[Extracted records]
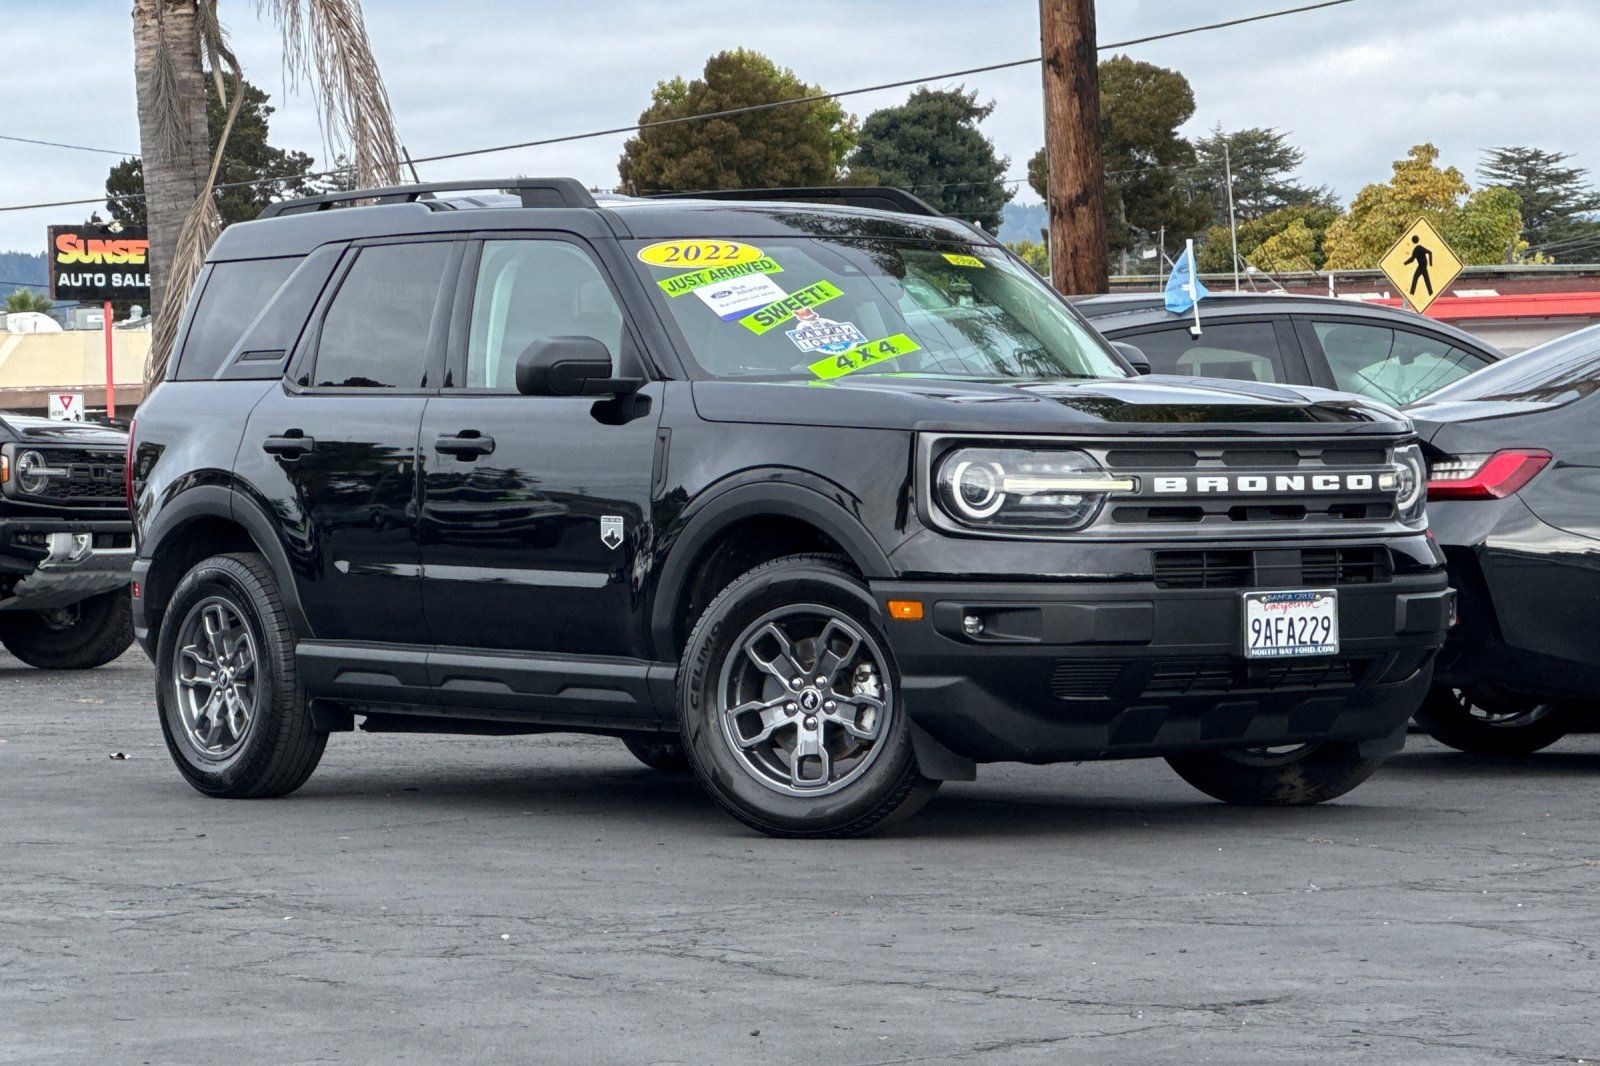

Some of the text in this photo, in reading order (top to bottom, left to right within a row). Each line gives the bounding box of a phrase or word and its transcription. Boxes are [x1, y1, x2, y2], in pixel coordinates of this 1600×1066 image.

[663, 244, 739, 263] 2022
[58, 272, 106, 287] AUTO
[667, 259, 775, 293] JUST ARRIVED
[753, 285, 829, 327] SWEET!
[794, 325, 857, 340] CARFAX
[836, 355, 855, 370] 4
[879, 341, 898, 355] 4
[1154, 475, 1372, 492] BRONCO
[1252, 616, 1331, 647] 9AFA229
[1251, 646, 1334, 656] NORTH BAY FORD.COM
[691, 621, 720, 709] CELIMO

**ASSIGNED TASK:** Leaving the images out, return every record exactly.

**PROBLEM SOLUTION:**
Some of the text in this photo, in reading order (top to bottom, left to right within a row). Each line gives the bounding box of a phrase or word and its transcription. Boxes are [x1, y1, x2, y2], in pixel coordinates of this 1600×1066 image.

[663, 244, 739, 263] 2022
[58, 272, 106, 287] AUTO
[667, 259, 775, 293] JUST ARRIVED
[753, 285, 829, 327] SWEET!
[794, 325, 857, 340] CARFAX
[836, 355, 855, 370] 4
[879, 341, 898, 355] 4
[1154, 475, 1372, 492] BRONCO
[1252, 616, 1331, 647] 9AFA229
[1251, 646, 1334, 656] NORTH BAY FORD.COM
[691, 621, 720, 709] CELIMO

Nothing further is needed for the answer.